▶ WHAT THIS TASK INVOLVES
In the answer, each entry below appears exactly as given, and no picture appears at all.

▶ Saved entries
┌────────
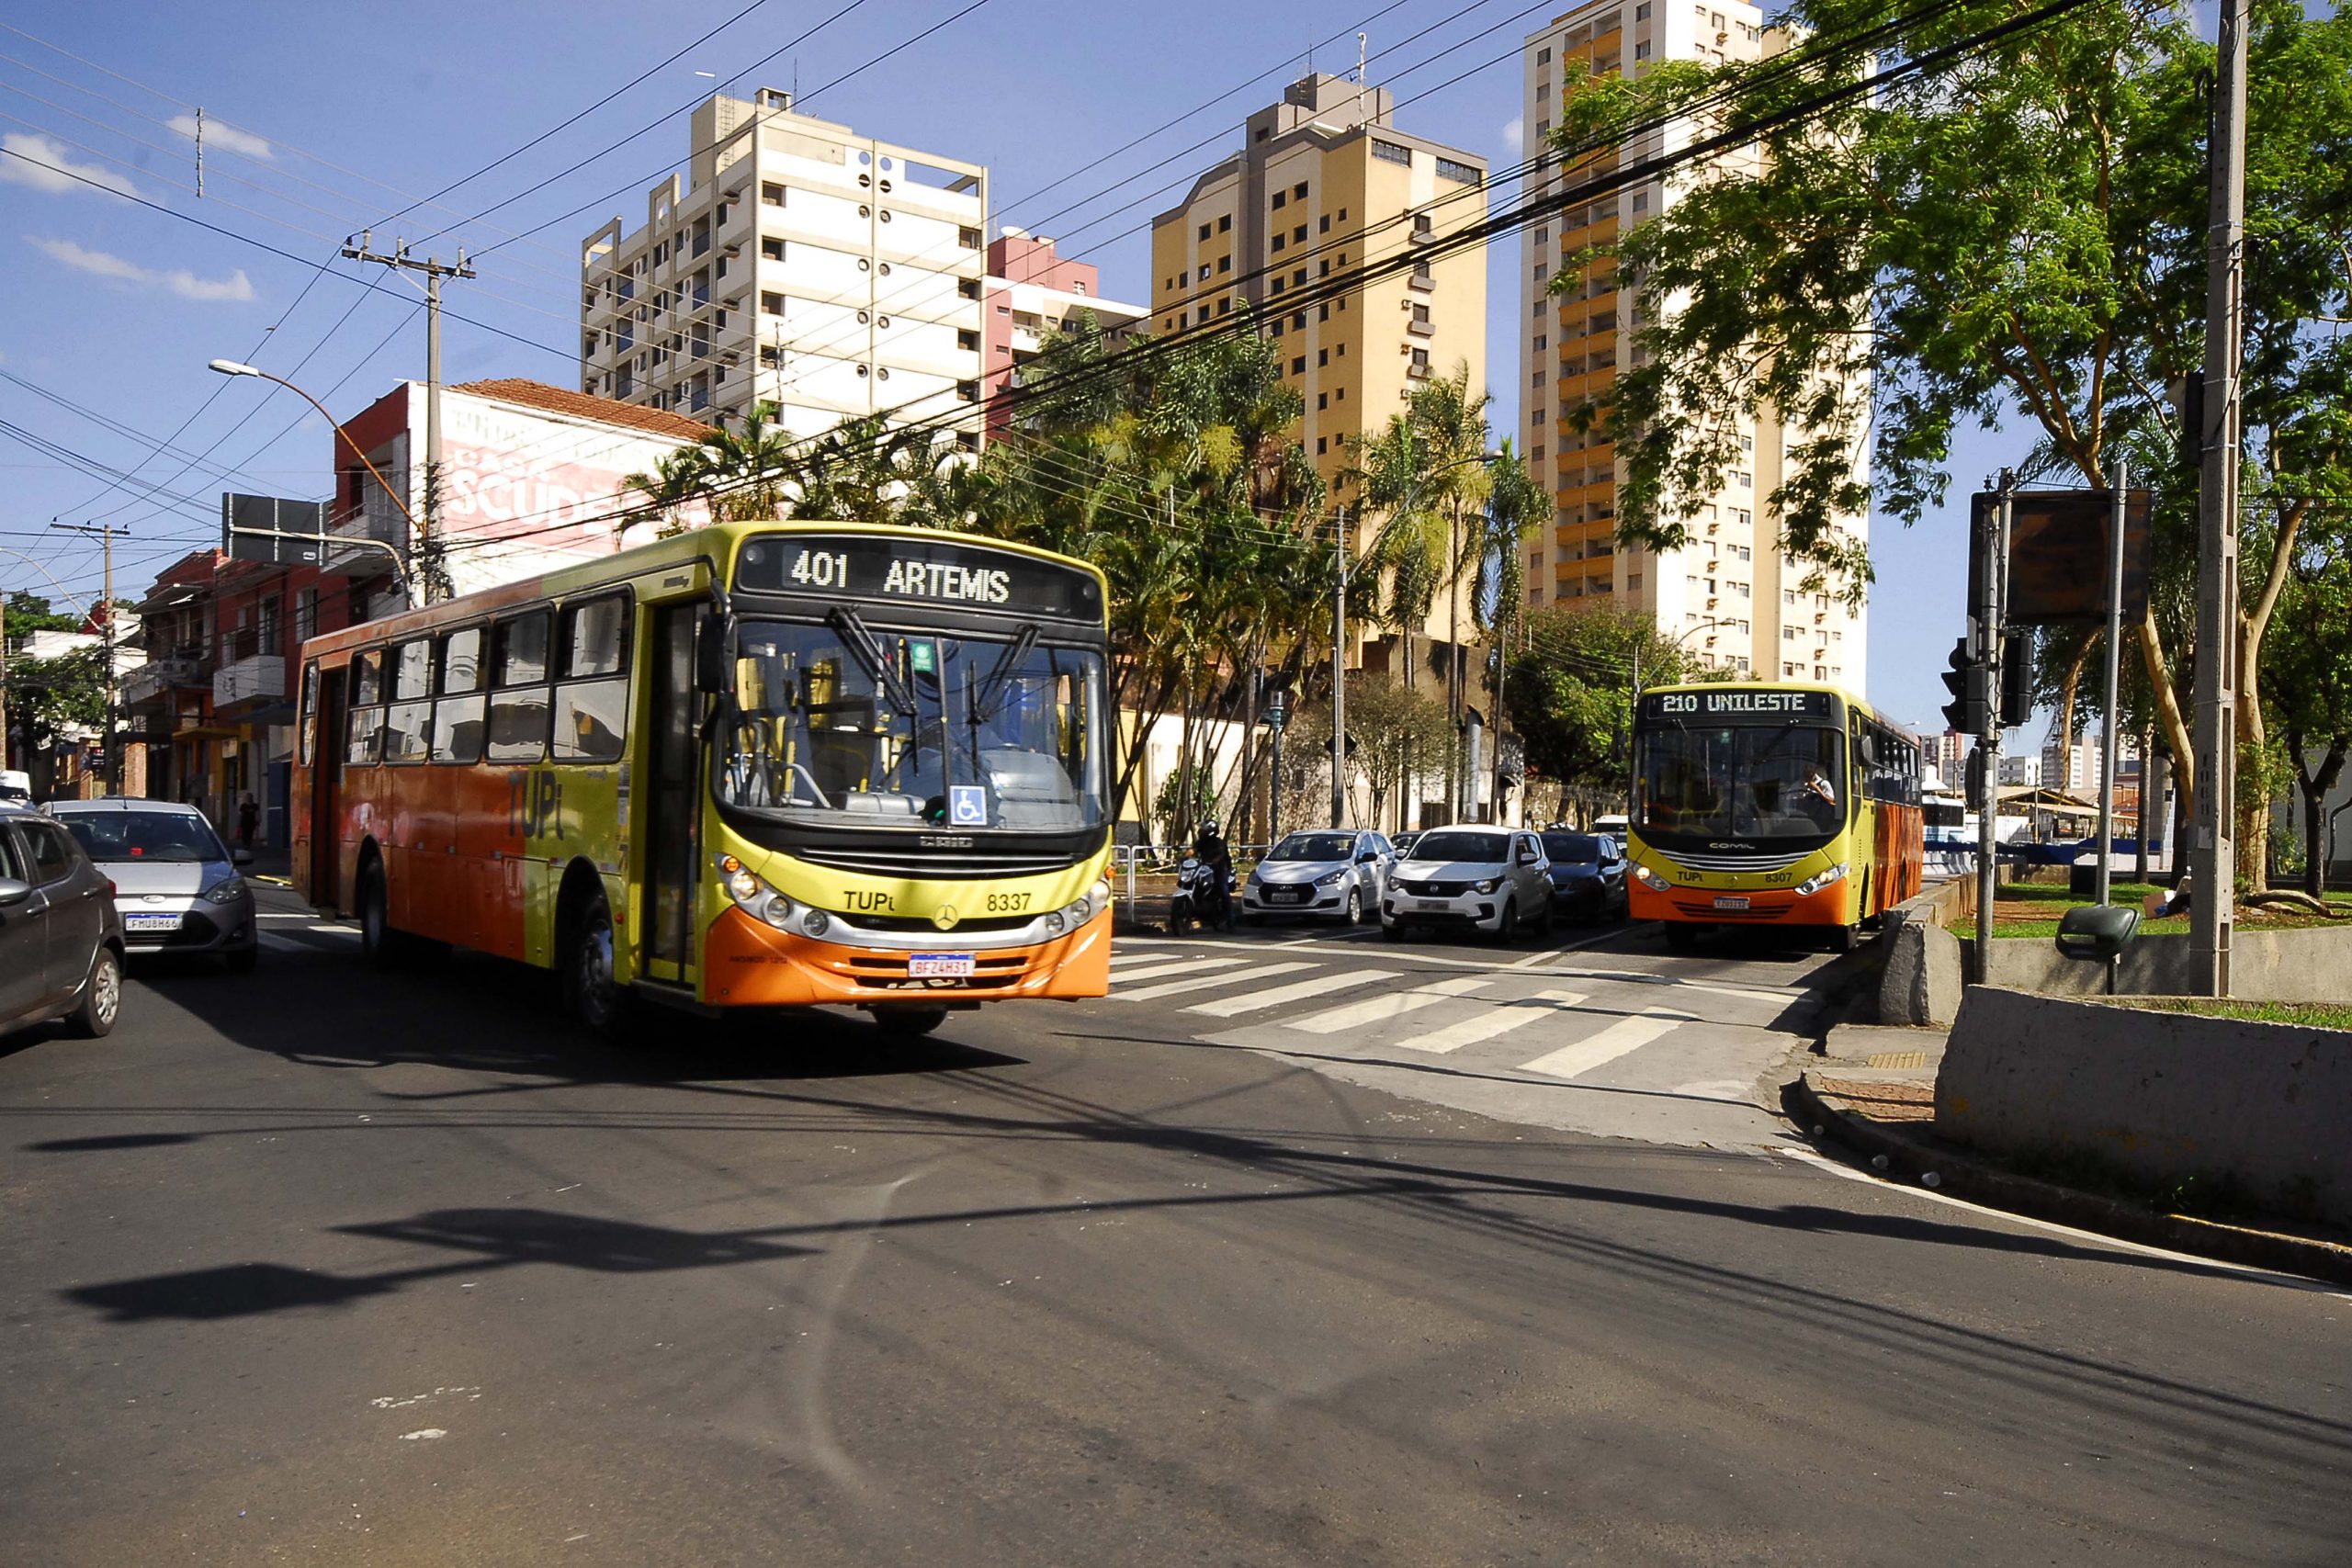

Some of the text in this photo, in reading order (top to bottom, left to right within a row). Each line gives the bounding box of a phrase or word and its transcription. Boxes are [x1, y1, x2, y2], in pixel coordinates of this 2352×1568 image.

[448, 468, 628, 536] SCUDE
[791, 549, 1010, 604] 401 ARTEMIS
[1663, 694, 1805, 712] 210 UNILESTE
[1765, 873, 1792, 883] 8307
[987, 893, 1031, 911] 8337
[915, 961, 967, 975] BFZ4H31
└────────
▶ SOLUTION FOR THIS PROBLEM
Some of the text in this photo, in reading order (top to bottom, left to right within a row). Each line gives the bounding box of a phrase or word and its transcription. Boxes are [x1, y1, x2, y2], in pixel coordinates of this 2352×1568 image.

[448, 468, 628, 536] SCUDE
[791, 549, 1010, 604] 401 ARTEMIS
[1663, 694, 1805, 712] 210 UNILESTE
[1765, 873, 1792, 883] 8307
[987, 893, 1031, 911] 8337
[915, 961, 967, 975] BFZ4H31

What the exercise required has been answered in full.